Com o passar dos meses, as medidas para evitar a propagação da covid-19 foram sendo endurecidas ou flexibilizadas em diferentes partes do mundo segundo o aumento ou a diminuição dos casos locais.
Enquanto muitos países da Europa estão voltando a restringir atividades sociais e determinando isolamentos após registrarem aumentos recordes de casos, a Nova Zelândia, por exemplo, passou ao seu nível de alerta mais baixo.
No entanto, essa estratégia para lidar com o coronavírus é, na opinião de diversos cientistas, limitada demais para deter o avanço da doença.
“Todas as nossas intervenções se concentraram em cortar as rotas de transmissão viral para controlar a disseminação do patógeno”, escreveu recentemente em um editorial Richard Horton, editor-chefe da prestigiosa revista científica The Lancet.
Mas a história de covid-19 não é tão simples.
Por um lado, diz Horton, existe o Sars-CoV-2 (o vírus que causa a doença covid-19) e, por outro, uma série de doenças não transmissíveis. E esses dois elementos interagem em um contexto social e ambiental caracterizado por profunda desigualdade social.
Essas condições, argumenta Horton, exacerbam o impacto dessas doenças e, portanto, devemos considerar a Covid-19 não como uma pandemia, mas como uma sindemia.
Não é uma simples mudança de terminologia: entender a crise de saúde que vivemos a partir de um quadro conceitual mais amplo abre caminho para encontrar soluções mais adequadas.
Um mais um é mais do que dois
O termo sindemia (um neologismo que combina sinergia e pandemia) não tão novo assim.
Foi cunhado pelo antropólogo médico americano Merrill Singer na década de 1990 para explicar uma situação em que “duas ou mais doenças interagem de tal forma que causam danos maiores do que a mera soma dessas duas doenças”.
“O impacto dessa interação também é facilitado pelas condições sociais e ambientais que, de alguma forma, aproximam essas duas doenças ou tornam a população mais vulnerável ao seu impacto”, explica Singer em entrevista à BBC News Mundo (serviço em espanhol da BBC).
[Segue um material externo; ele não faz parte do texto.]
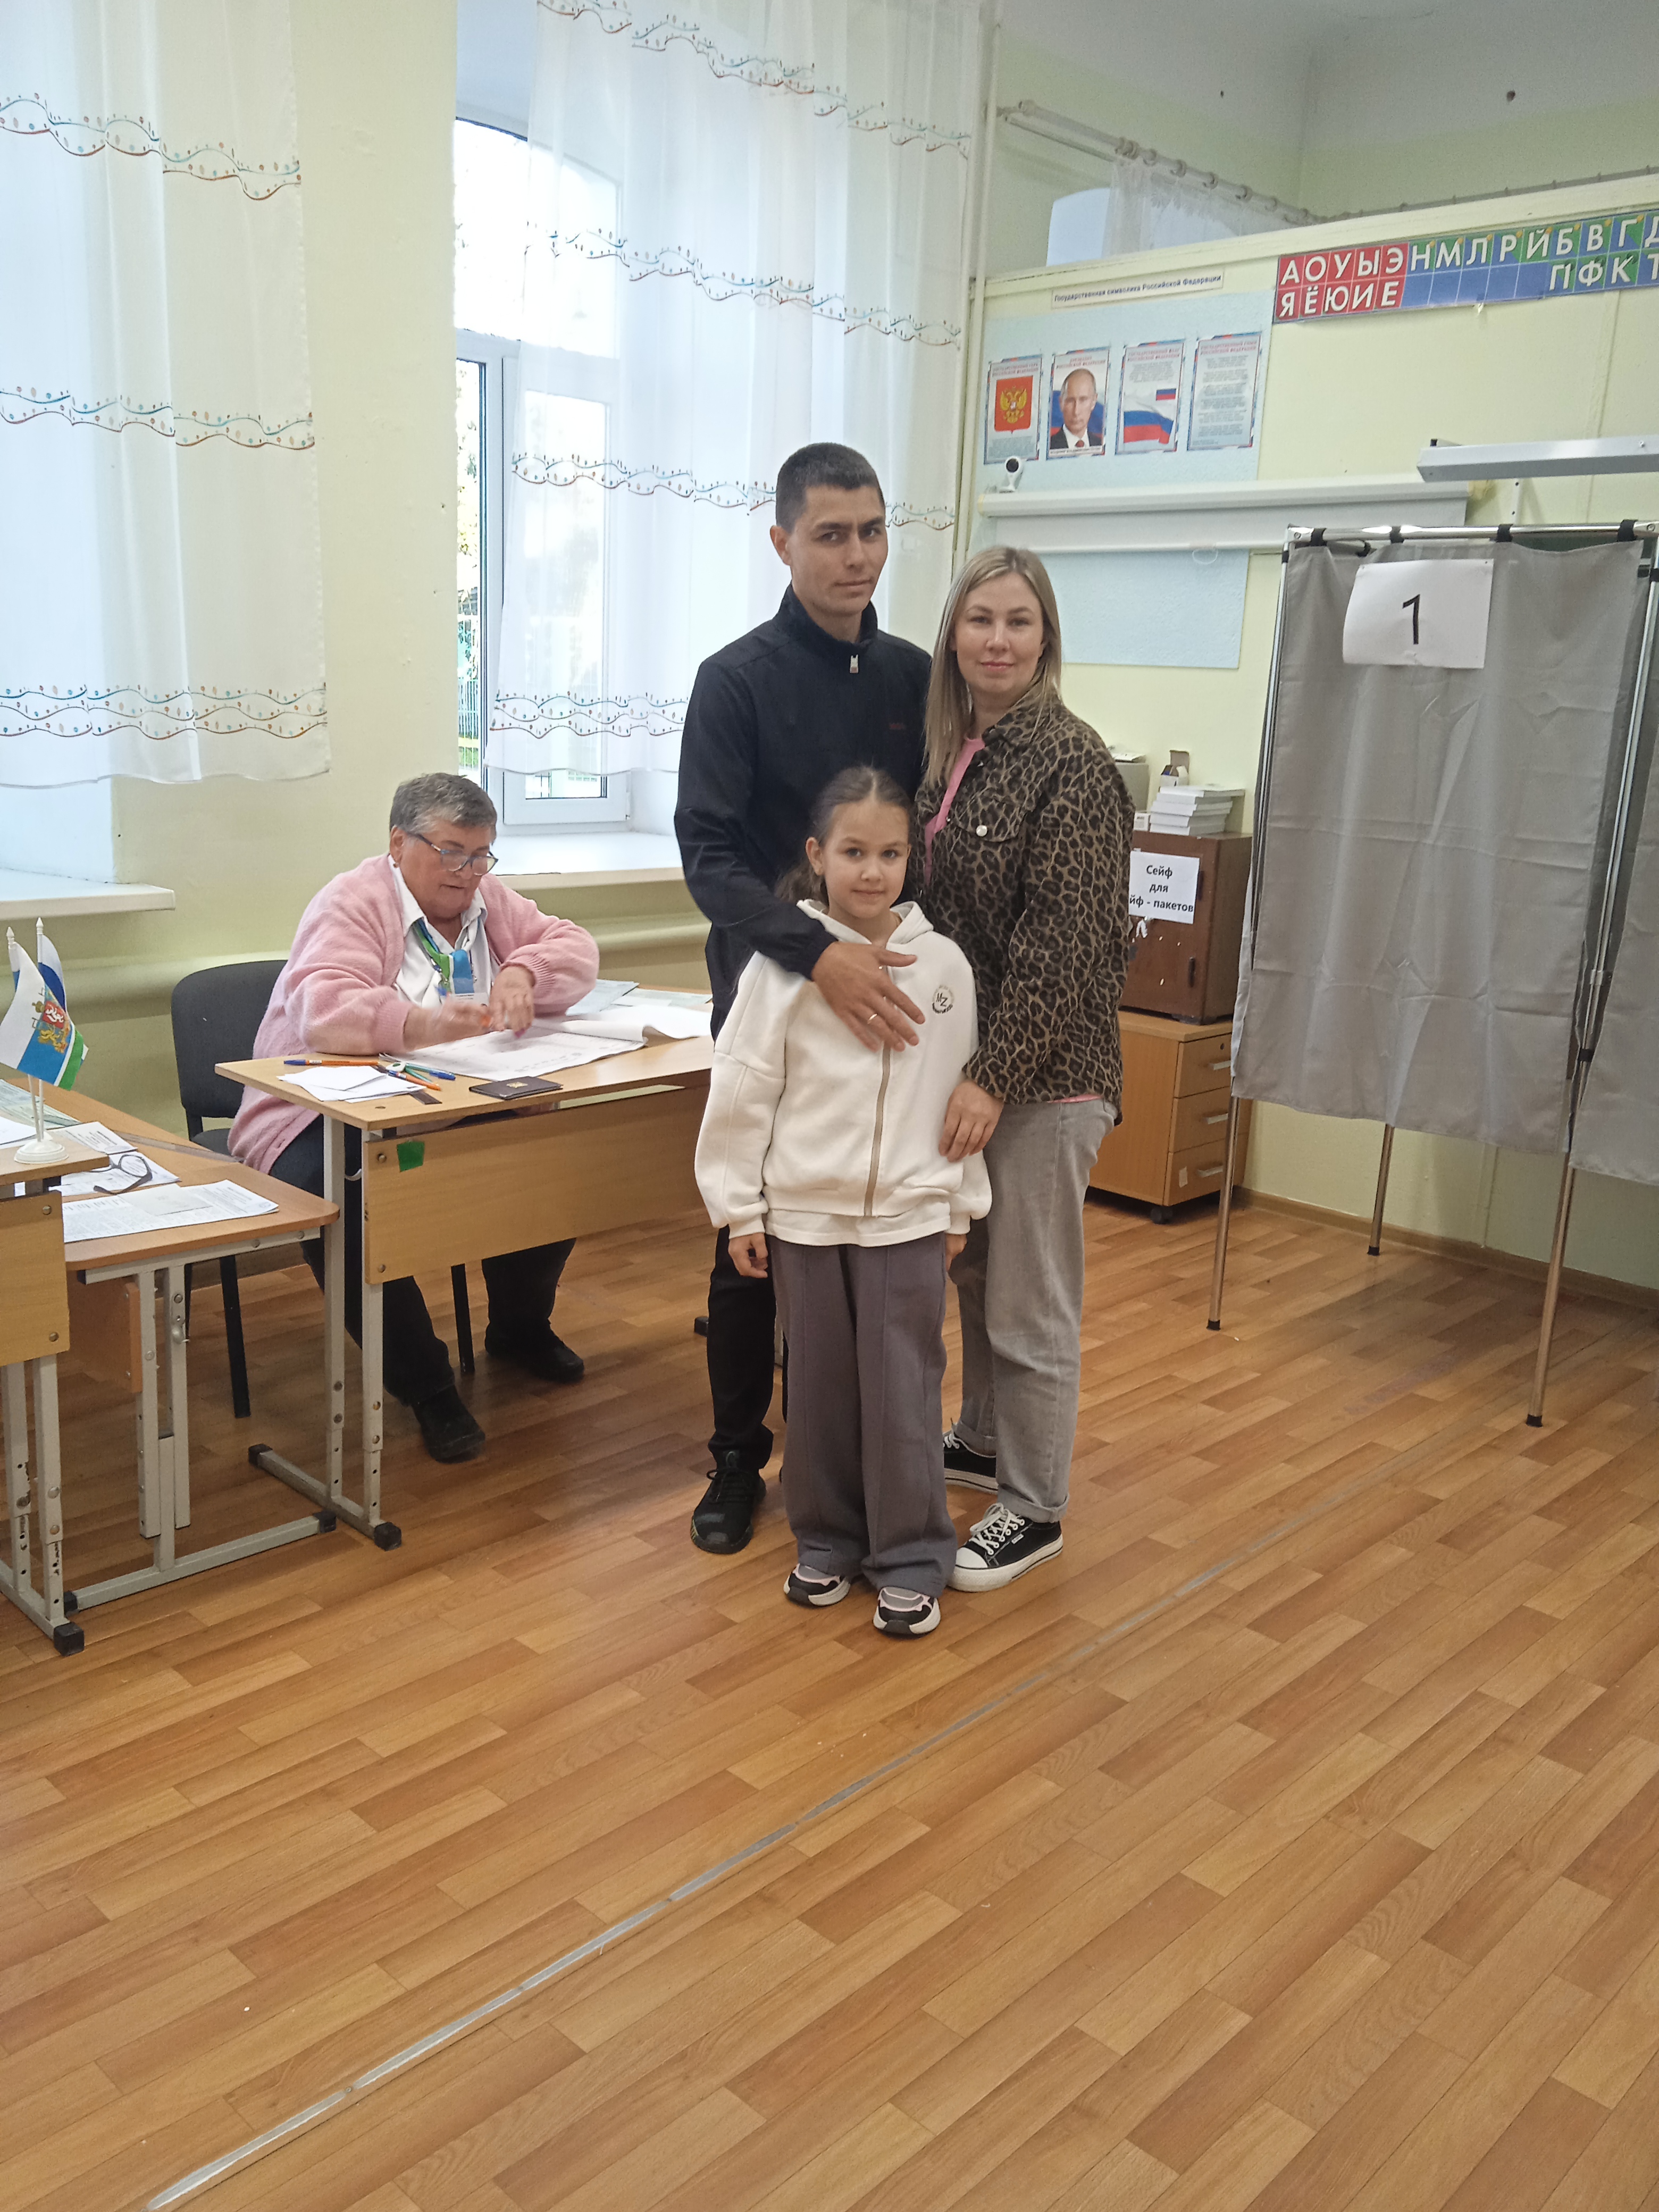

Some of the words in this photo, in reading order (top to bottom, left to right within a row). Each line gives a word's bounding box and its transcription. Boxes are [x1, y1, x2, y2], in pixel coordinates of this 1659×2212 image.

[1143, 279, 1181, 290] Российской
[1183, 275, 1221, 286] Федерации
[1402, 594, 1420, 645] 1
[1146, 865, 1172, 879] Сейф
[1149, 884, 1168, 893] для
[1129, 894, 1144, 908] йф
[1153, 900, 1194, 912] пакетов
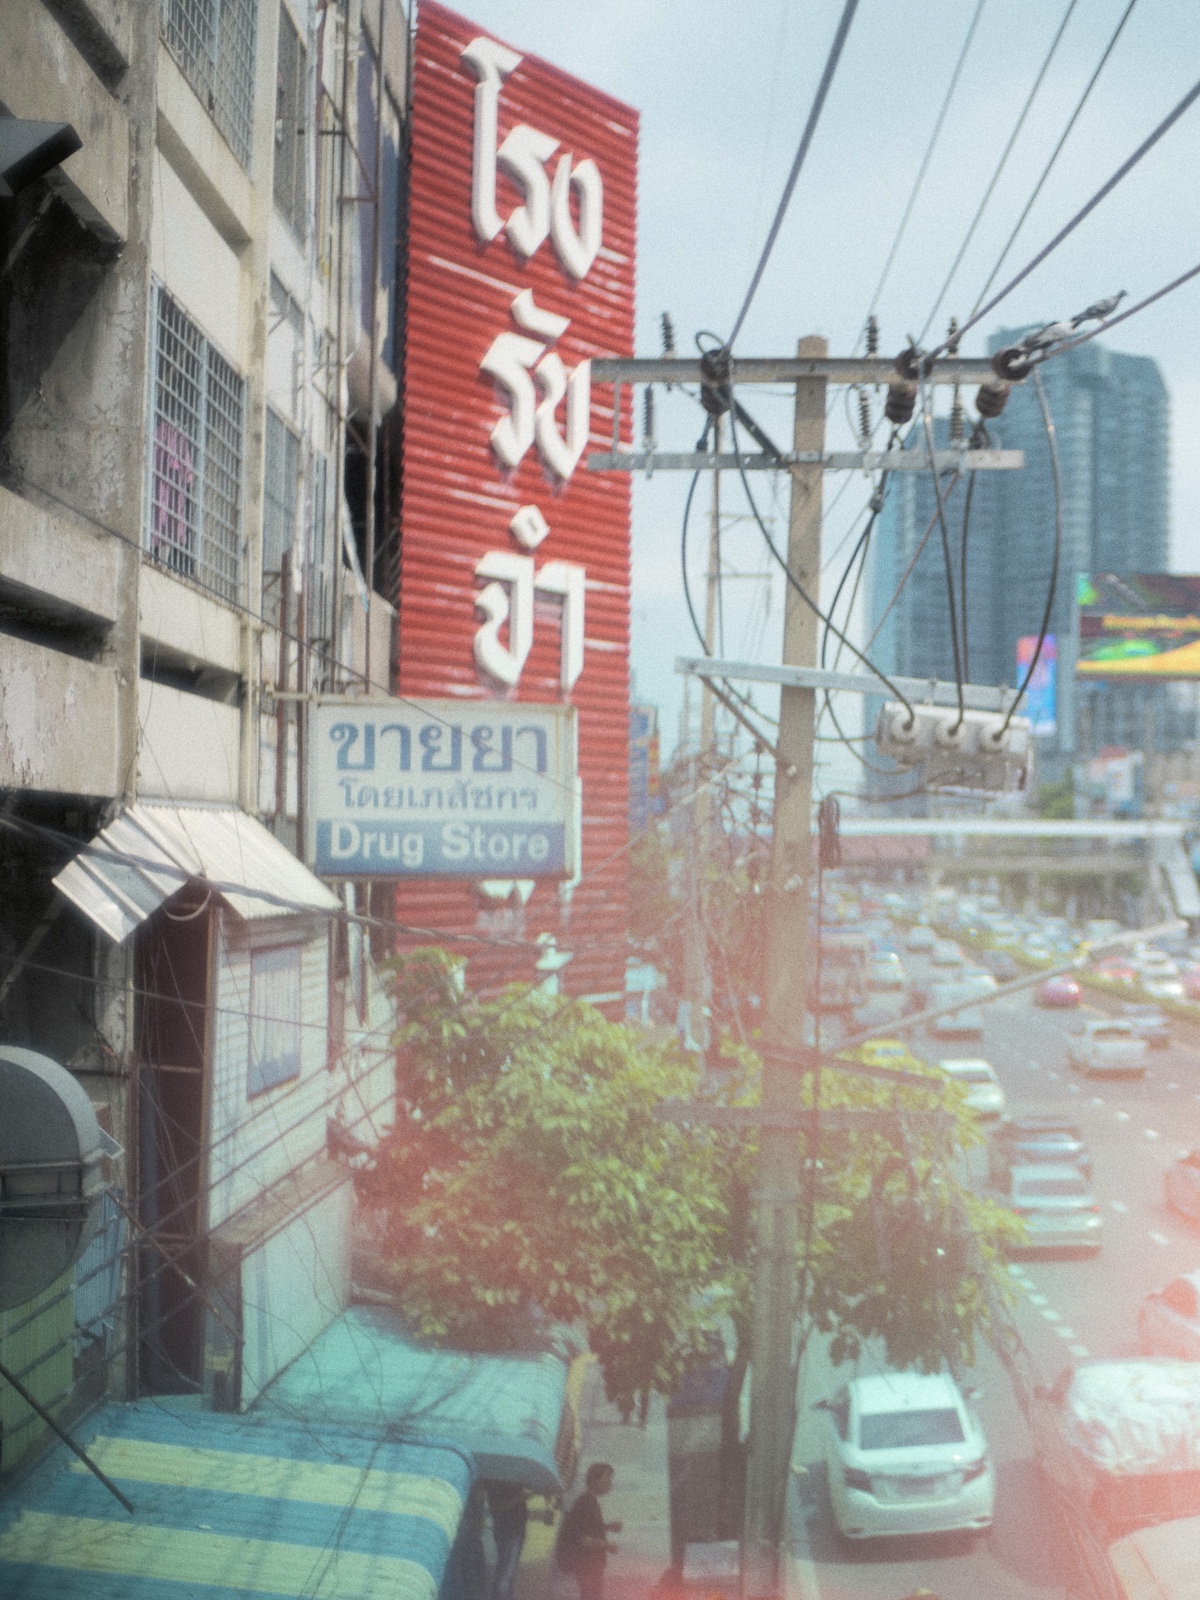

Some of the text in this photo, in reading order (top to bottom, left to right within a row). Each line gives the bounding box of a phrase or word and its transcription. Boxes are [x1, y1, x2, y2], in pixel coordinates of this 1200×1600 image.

[460, 36, 604, 281] โรง
[478, 287, 592, 480] รับ
[473, 504, 586, 694] จำ
[329, 722, 548, 773] ขายยา
[338, 777, 539, 810] โดยเภสัชกร
[330, 820, 550, 868] Drug Store
A interação com o aspecto social é o que faz com que não seja apenas uma comorbidade.
O conceito surgiu quando o cientista e seus colegas estavam pesquisando o uso de drogas em comunidades de baixa renda nos Estados Unidos, há mais de duas décadas.
Eles descobriram que muitos dos usuários de drogas injetáveis sofriam de uma série de outras doenças (tuberculose, doenças sexualmente transmissíveis, entre outras), e os pesquisadores começaram a se perguntar como estas coexistiam no corpo. Acabaram concluindo que, em alguns casos, a combinação amplificou o dano.
No caso da covid-19, “vemos como ela interage com uma variedade de condições pré-existentes (diabetes, câncer, problemas cardíacos e muitos outros fatores) e vemos uma taxa desproporcional de resultados adversos em comunidades desfavorecidas, de baixa renda e de minorias étnicas”, explica Singer.
Doenças como diabetes ou obesidades — que são fatores de risco para a covid-19 — são mais comuns em indivíduos de baixa renda, afirma Tiff-Annie Kenny, pesquisadora da Universidade Laval, no Canadá, em entrevista à BBC News Mundo. Ela trabalha no no Ártico com populações afetadas por insegurança alimentar, mudanças climáticas e condições de moradia que dificultam o cumprimento das recomendações sanitárias, como lavar as mãos ou manter distância social.
Mas não é esse o caso da maioria das doenças? Na maioria das vezes, elas não têm um impacto maior em grupos sociais com acesso menor a saúde, alimentação, educação e higiene? Elas não são quase sempre ampliadas quando combinadas com outras ou com uma condição médica presente?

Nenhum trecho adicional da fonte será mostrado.